Australian unsolved disappearance case

Anthony John Jones was an Australian man who disappeared while backpacking in North Queensland in November 1982. The case garnered substantial media attention, with critics charging that police mishandled the investigation into Jones' disappearance.

==Disappearance==

At the time of his disappearance, Tony Jones, a native of Perth, was in the last stages of a six-month working holiday around Australia. After quick visits to Adelaide, Melbourne, Canberra and Sydney, he settled for several months in Brisbane before finally setting off on the homeward leg of the journey with his brother Tim.
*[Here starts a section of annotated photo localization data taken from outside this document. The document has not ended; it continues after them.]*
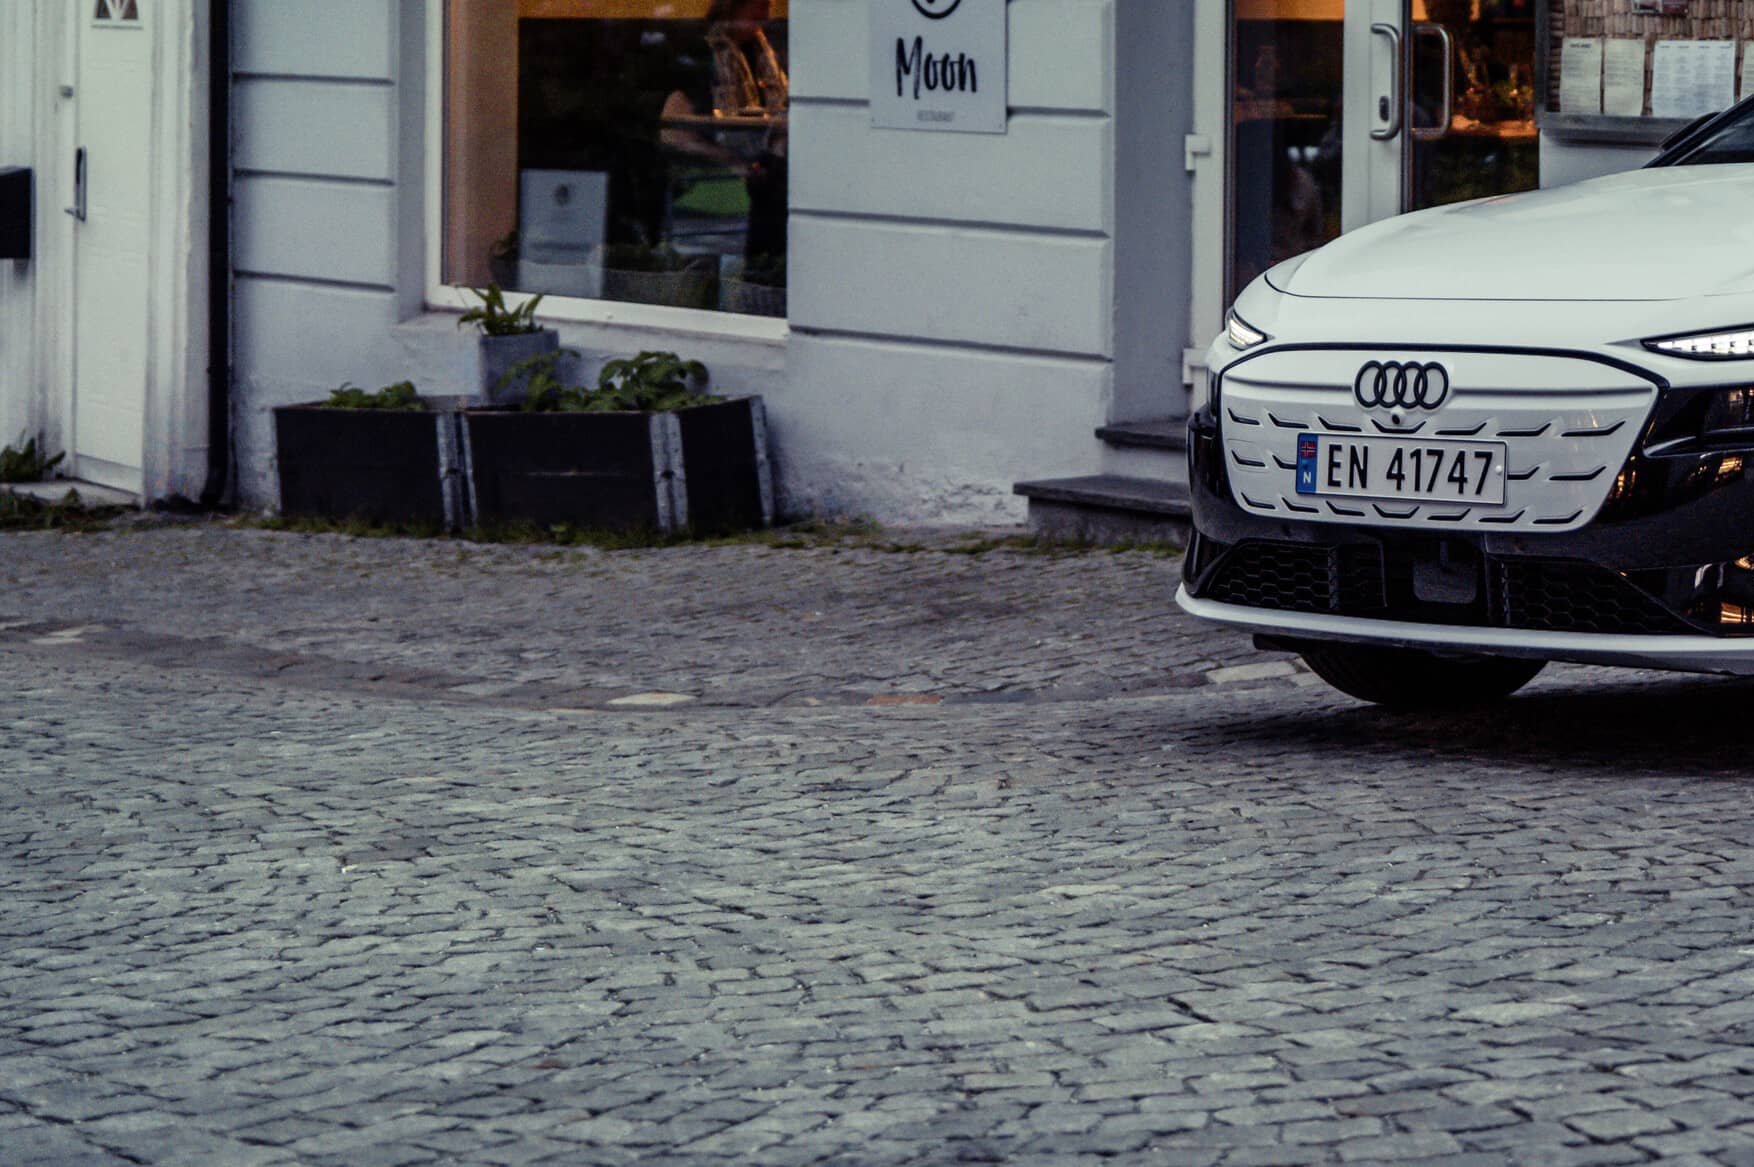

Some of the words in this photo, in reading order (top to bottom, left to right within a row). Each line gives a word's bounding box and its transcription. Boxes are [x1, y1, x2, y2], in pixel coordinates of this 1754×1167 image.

[896, 35, 978, 100] Moon
[1302, 470, 1312, 484] N
[1327, 443, 1369, 489] EN
[1386, 447, 1494, 496] 41747
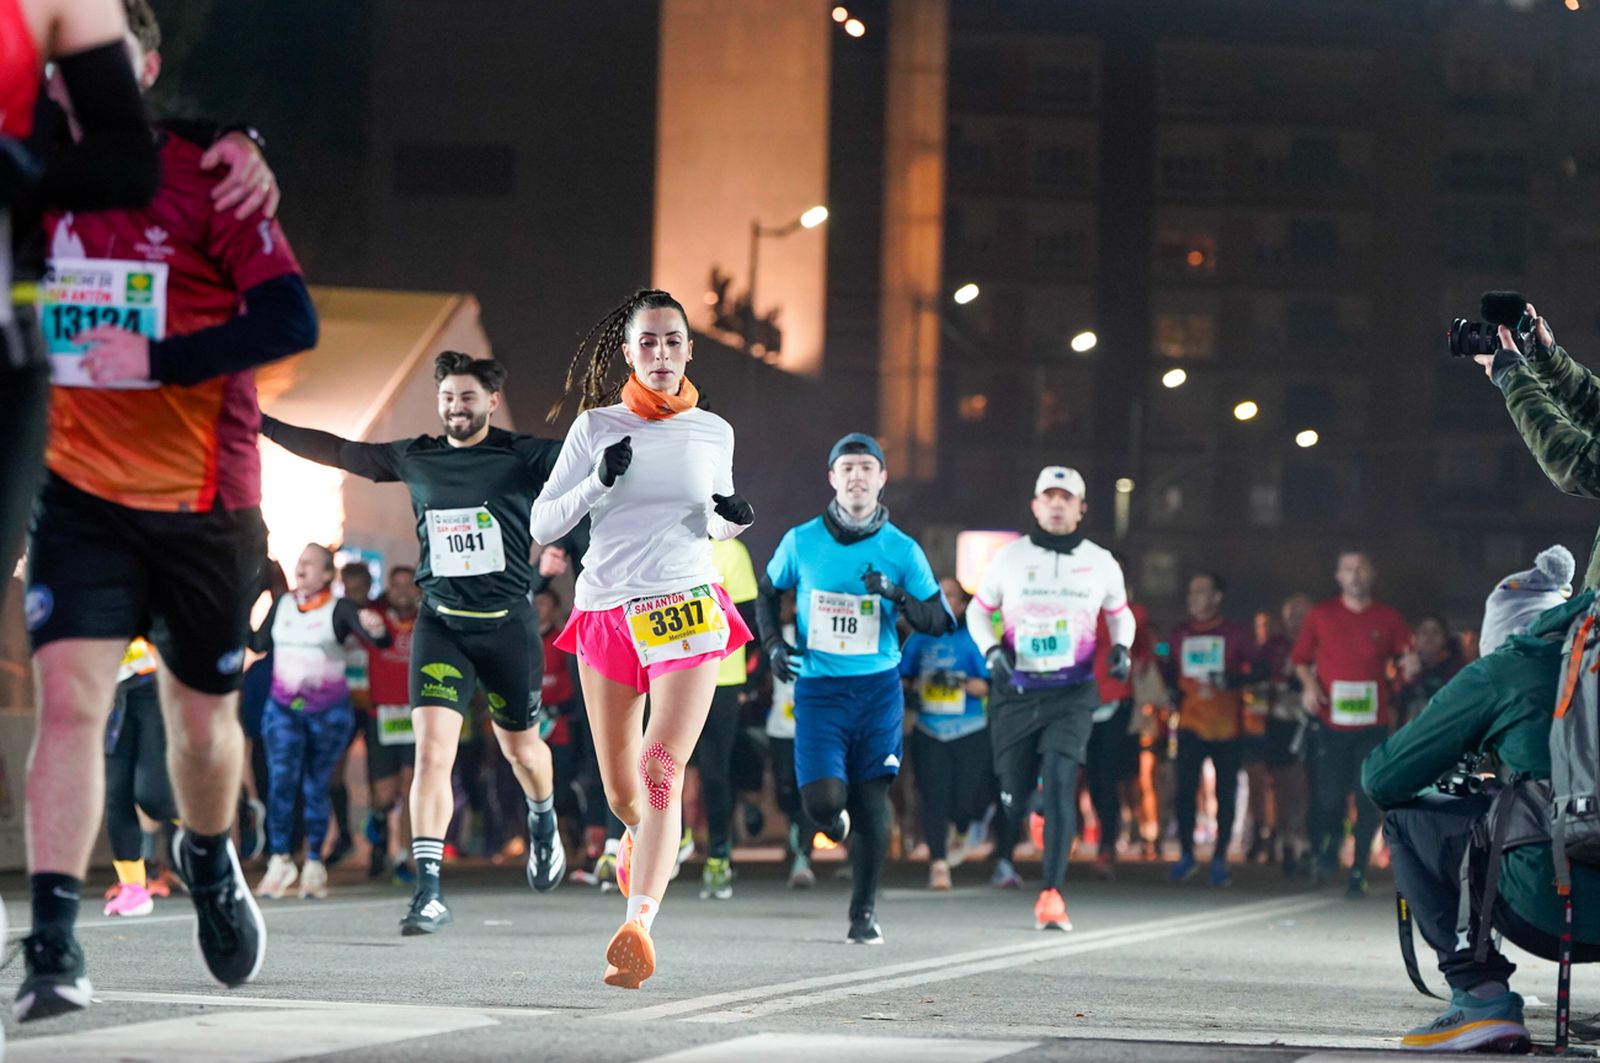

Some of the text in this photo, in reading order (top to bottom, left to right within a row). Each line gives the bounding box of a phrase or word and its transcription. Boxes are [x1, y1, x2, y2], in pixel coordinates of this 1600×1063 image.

For three weeks, Jones hitchhiked while his brother rode a bicycle. They communicated by phoning relatives and leaving messages for each other. Along the way, they met up briefly at Mackay and Airlie Beach and spent a week together in Townsville, where they shared a caravan with two fellow travelers at the Sun City Caravan Park in Rosslea.

On 28 October 1982, after Tim began the 900 km bike ride out west to Mount Isa, Jones set off alone for a side trip to Cairns. When he arrived back in Townsville on 3 November, he telephoned his family and girlfriend in Perth. He was surprised to learn that Tim had already reached Mount Isa, and learned that his mother had just topped up his bank account with $150 that was to be shared with Tim. Jones made no more phone calls and did not use his bank account again. He never reached Mount Isa.

==Coronial inquest==
In May 1983, the government issued a reward of $20,000 for information which leads to the apprehension and conviction of the person or persons responsible for the disappearance and suspected murder of Jones. In 2010, the reward was increased to $250,000.

Despite no body having been found, Coroner Ian Fisher stated in his findings on 20 February 2002 that Jones was a victim of homicide. "I am satisfied that the missing person is dead," wrote the coroner. "I find that he died on or around the 3rd of November 1982 at the hands of a person or persons unknown". In spite of the homicide finding, Jones' family was initially unable to get a death certificate because of an anomaly in Queensland legislation, which prevented the issuance of a death certificate in cases where the coroner failed to indicate a specific place of death. The Attorney-General of Queensland and Minister for Justice, Linda Lavarch, subsequently introduced new legislation in 2005, saying "the Jones family has suffered enough...they should not suffer further by not being able to get a death certificate for their son". The certificate was eventually issued in January 2006.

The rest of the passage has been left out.